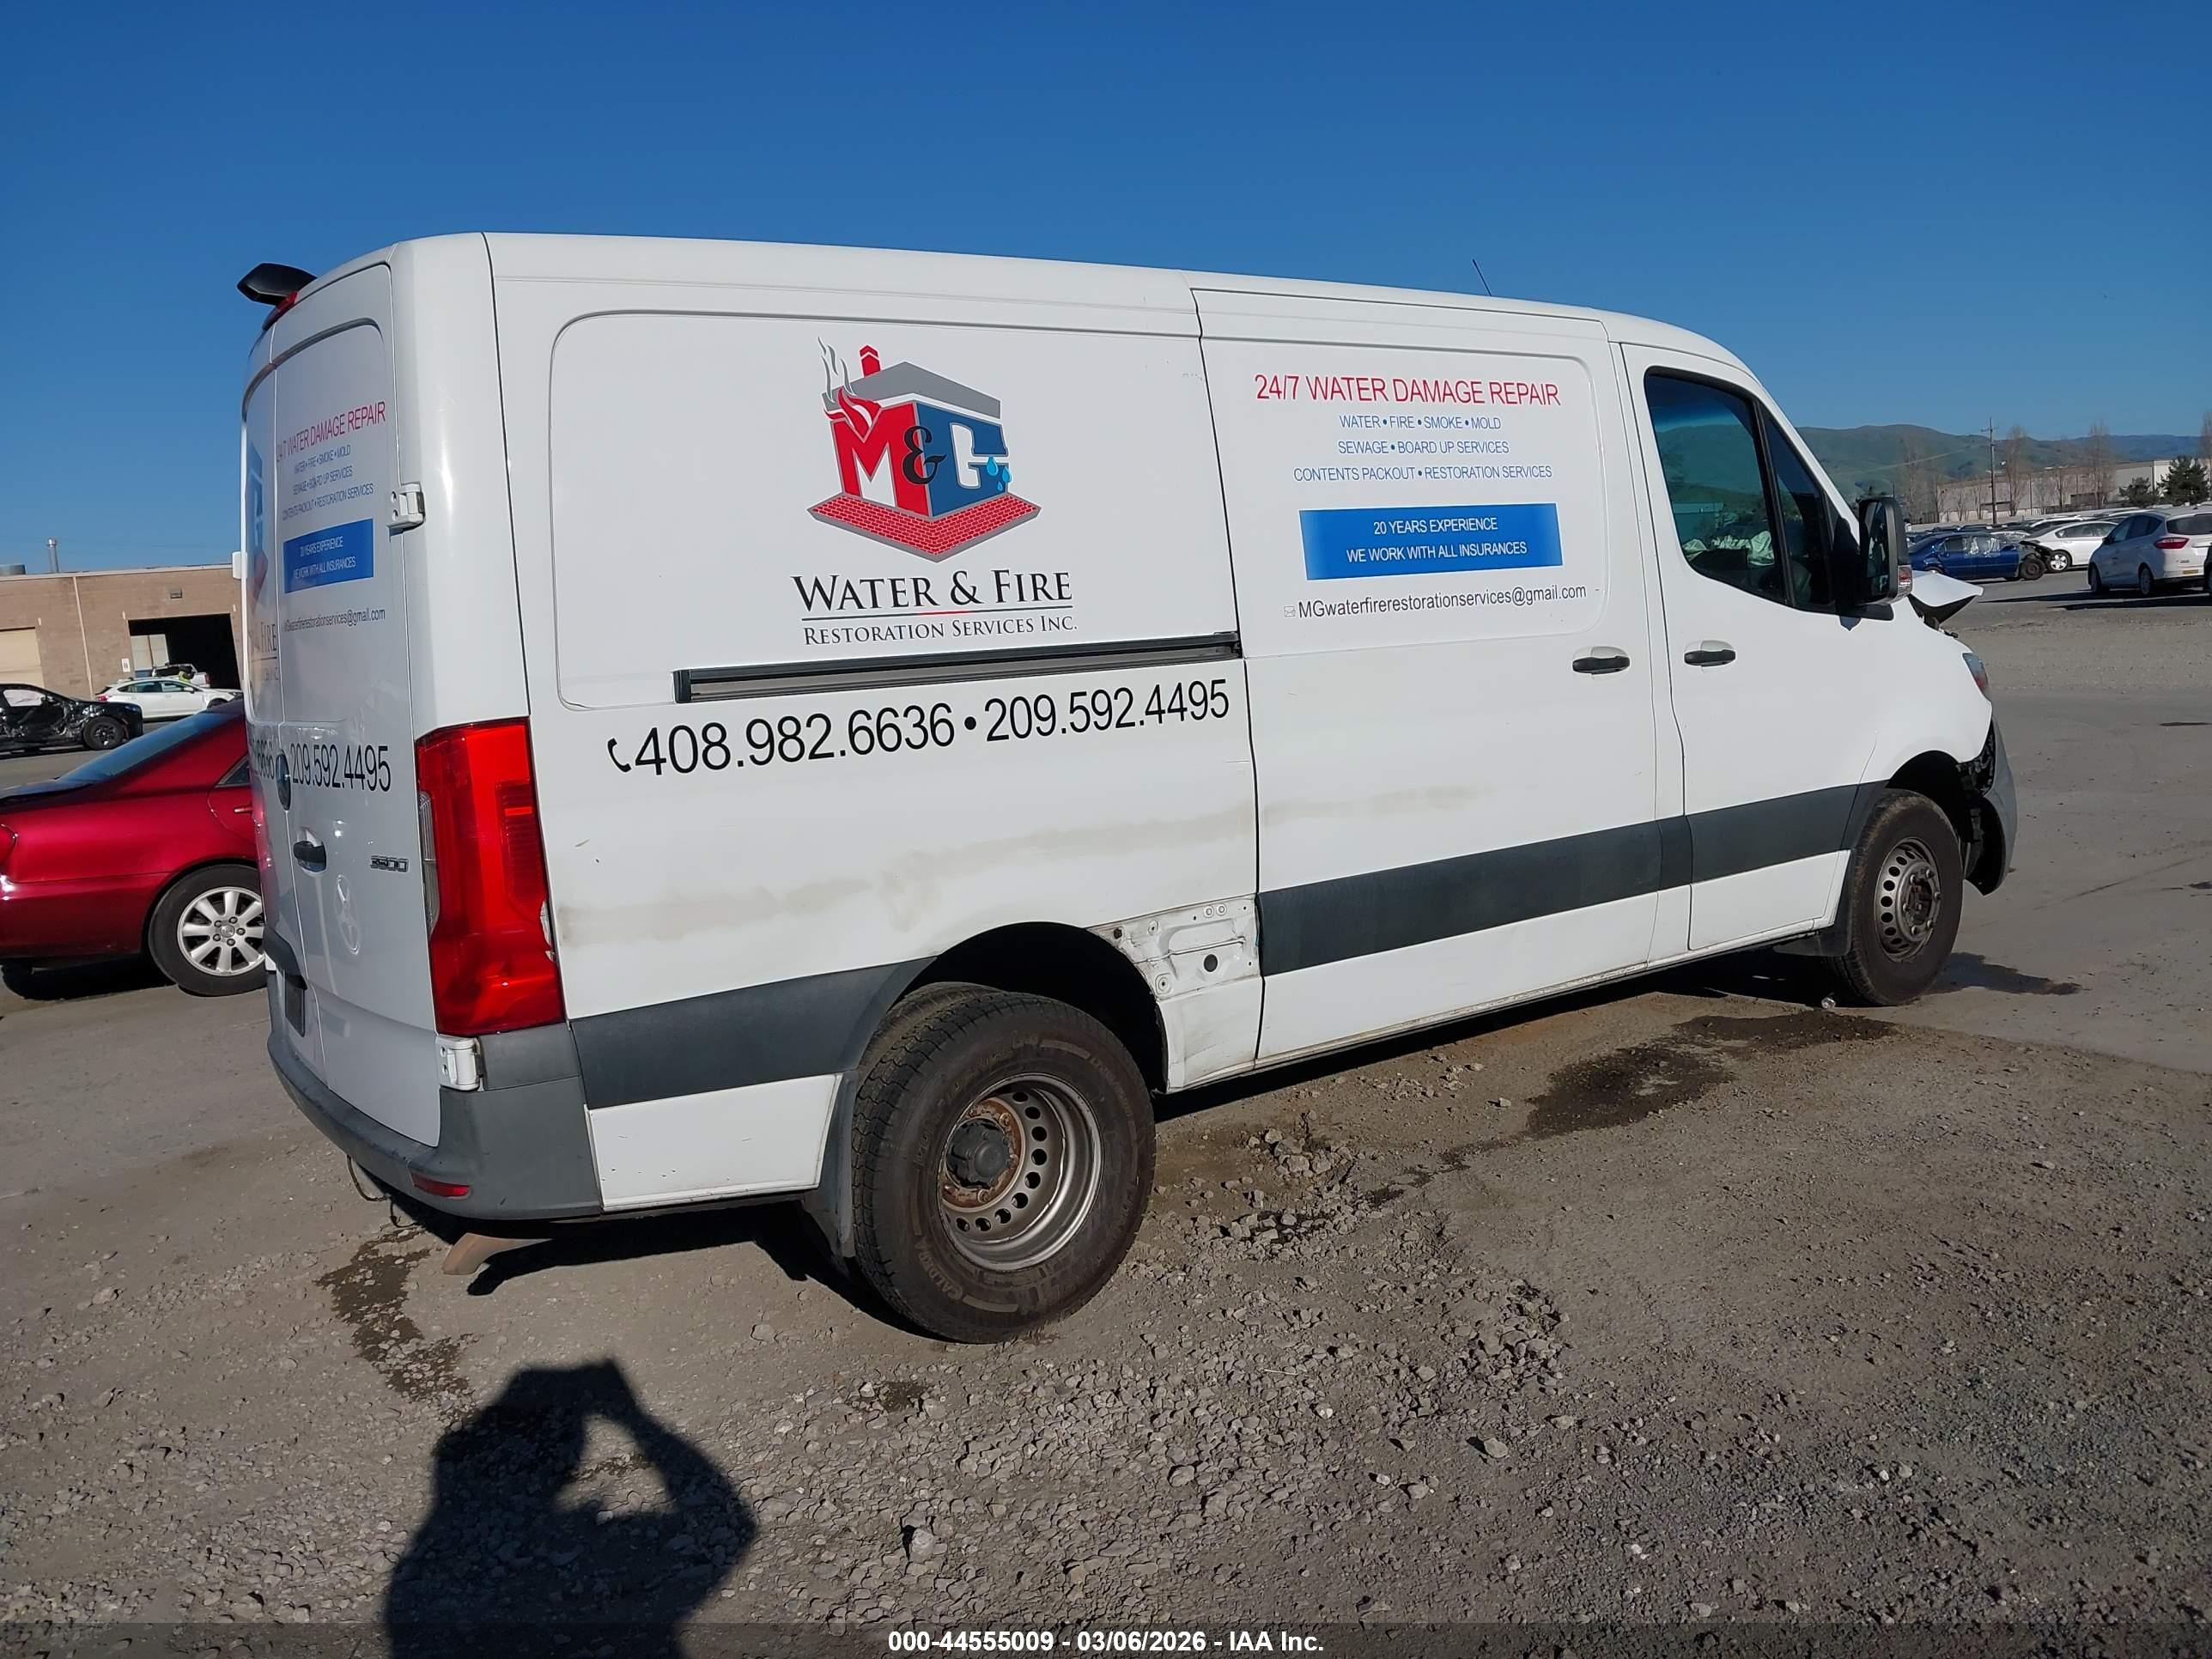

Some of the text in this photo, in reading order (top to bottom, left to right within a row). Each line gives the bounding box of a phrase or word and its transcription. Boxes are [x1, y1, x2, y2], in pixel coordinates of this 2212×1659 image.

[1255, 374, 1561, 406] 24/7 WATER DAMAGE REPAIR
[311, 414, 345, 446] DAMAGE
[348, 400, 386, 433] REPAIR
[1340, 415, 1501, 429] WATER FIRE SMOKE MOLD
[1338, 441, 1509, 454] SEWAGE BOARD UP SERVICES
[1293, 465, 1553, 481] CONTENTS PACKOUT RESTORATION SERVICES
[1374, 517, 1498, 535] 20 YEARS EXPERIENCE
[1346, 541, 1527, 562] WE WORK WITH ALL INSURANCES
[790, 569, 1073, 611] WATER & FIRE
[1298, 585, 1586, 619] MGwaterfirerestorationservices@gmail.com
[804, 615, 1077, 645] RESTORATION SERVICES INC.
[634, 678, 1230, 777] 408.982.6636 209.592.4495
[290, 742, 392, 792] 209.592.4495
################
# DIRECTIONS
Please retype the listing exactly, leaving out any images.

# TASK OUTPUT
Some of the text in this photo, in reading order (top to bottom, left to right within a row). Each line gives the bounding box of a phrase or word and its transcription. Boxes are [x1, y1, x2, y2], in pixel coordinates of this 2212×1659 image.

[1255, 374, 1561, 406] 24/7 WATER DAMAGE REPAIR
[311, 414, 345, 446] DAMAGE
[348, 400, 386, 433] REPAIR
[1340, 415, 1501, 429] WATER FIRE SMOKE MOLD
[1338, 441, 1509, 454] SEWAGE BOARD UP SERVICES
[1293, 465, 1553, 481] CONTENTS PACKOUT RESTORATION SERVICES
[1374, 517, 1498, 535] 20 YEARS EXPERIENCE
[1346, 541, 1527, 562] WE WORK WITH ALL INSURANCES
[790, 569, 1073, 611] WATER & FIRE
[1298, 585, 1586, 619] MGwaterfirerestorationservices@gmail.com
[804, 615, 1077, 645] RESTORATION SERVICES INC.
[634, 678, 1230, 777] 408.982.6636 209.592.4495
[290, 742, 392, 792] 209.592.4495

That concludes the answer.